I need the entries printed again word for word, without the images.

Start of Data to examine

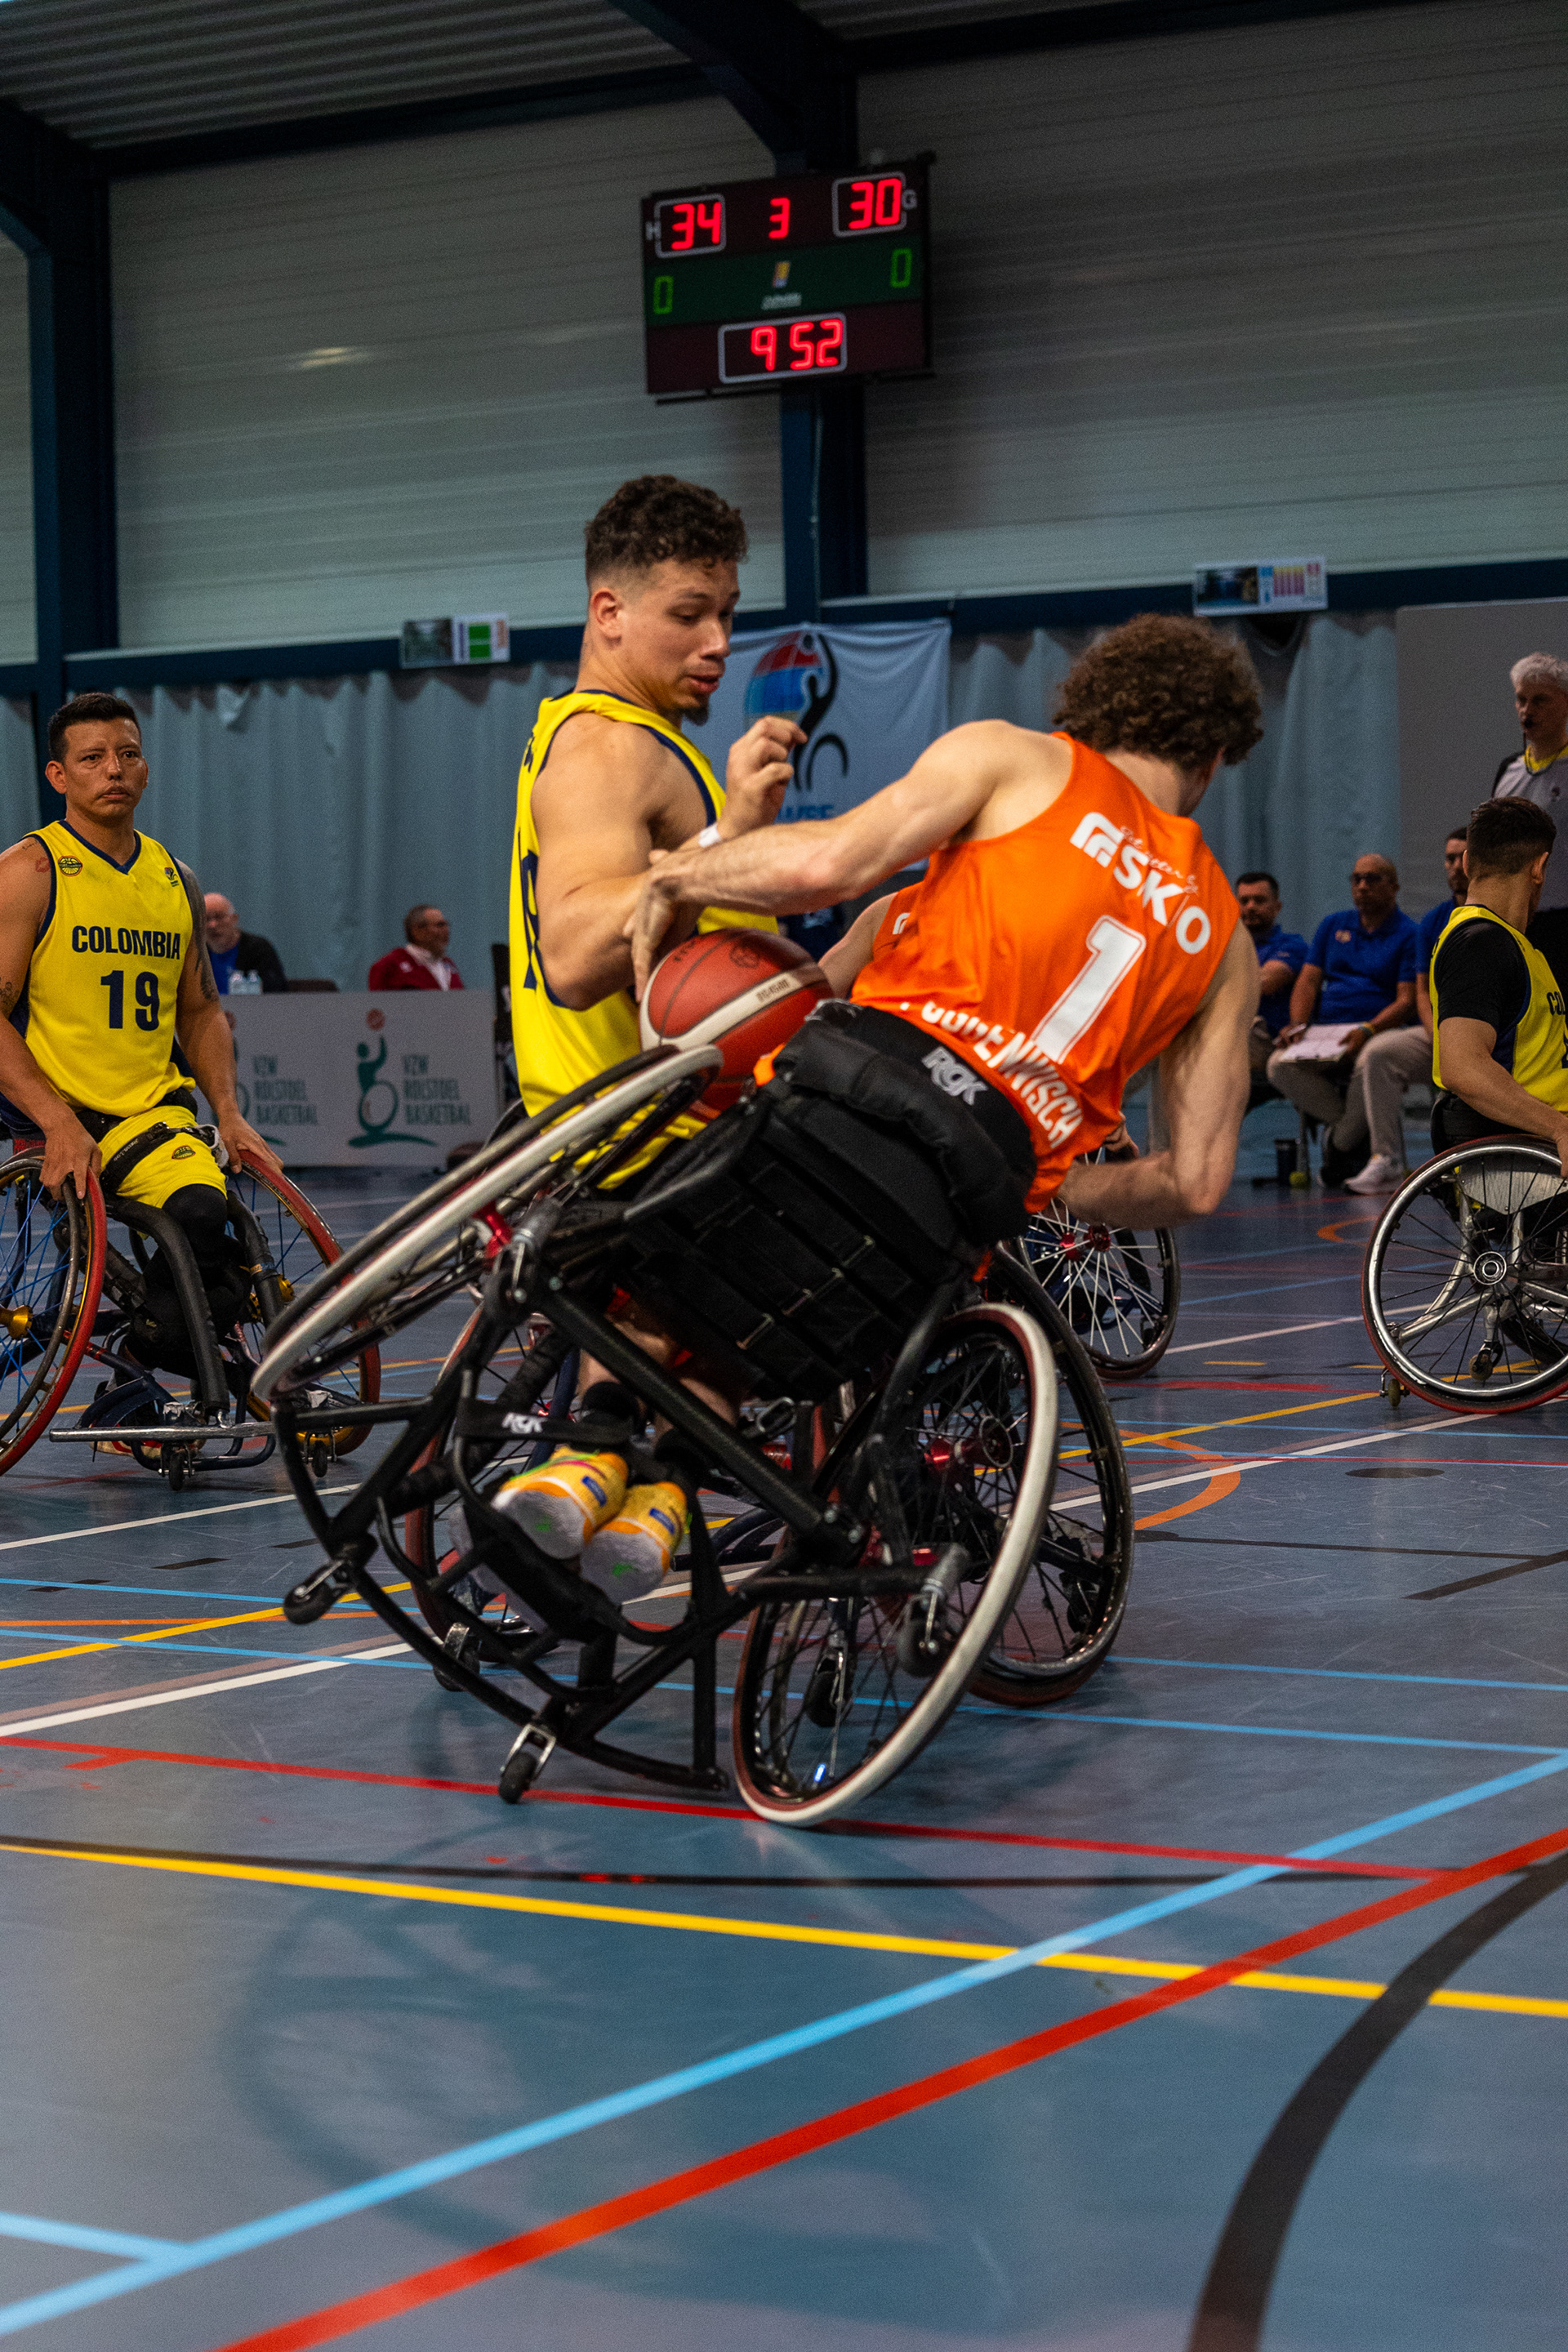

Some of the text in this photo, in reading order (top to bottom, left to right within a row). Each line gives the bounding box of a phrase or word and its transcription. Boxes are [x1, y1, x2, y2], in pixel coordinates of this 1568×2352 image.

[768, 198, 791, 239] 3
[848, 178, 902, 229] 30
[902, 189, 918, 209] G
[671, 203, 721, 251] 34
[889, 247, 912, 287] 0
[653, 275, 674, 314] 0
[1070, 812, 1211, 954] ASKO
[72, 925, 180, 960] COLOMBIA
[100, 969, 160, 1031] 19
[1031, 915, 1147, 1064] 1
[899, 1000, 1084, 1149] ENWISCH
[921, 1046, 988, 1106] RGK
[256, 1104, 319, 1125] BASKETBAL
[405, 1104, 471, 1125] BASKETBAL

End of Data to examine

■ Task result:
Some of the text in this photo, in reading order (top to bottom, left to right within a row). Each line gives the bounding box of a phrase or word and its transcription. Boxes are [x1, y1, x2, y2], in pixel coordinates of this 1568×2352 image.

[768, 198, 791, 239] 3
[848, 178, 902, 229] 30
[902, 189, 918, 209] G
[671, 203, 721, 251] 34
[889, 247, 912, 287] 0
[653, 275, 674, 314] 0
[1070, 812, 1211, 954] ASKO
[72, 925, 180, 960] COLOMBIA
[100, 969, 160, 1031] 19
[1031, 915, 1147, 1064] 1
[899, 1000, 1084, 1149] ENWISCH
[921, 1046, 988, 1106] RGK
[256, 1104, 319, 1125] BASKETBAL
[405, 1104, 471, 1125] BASKETBAL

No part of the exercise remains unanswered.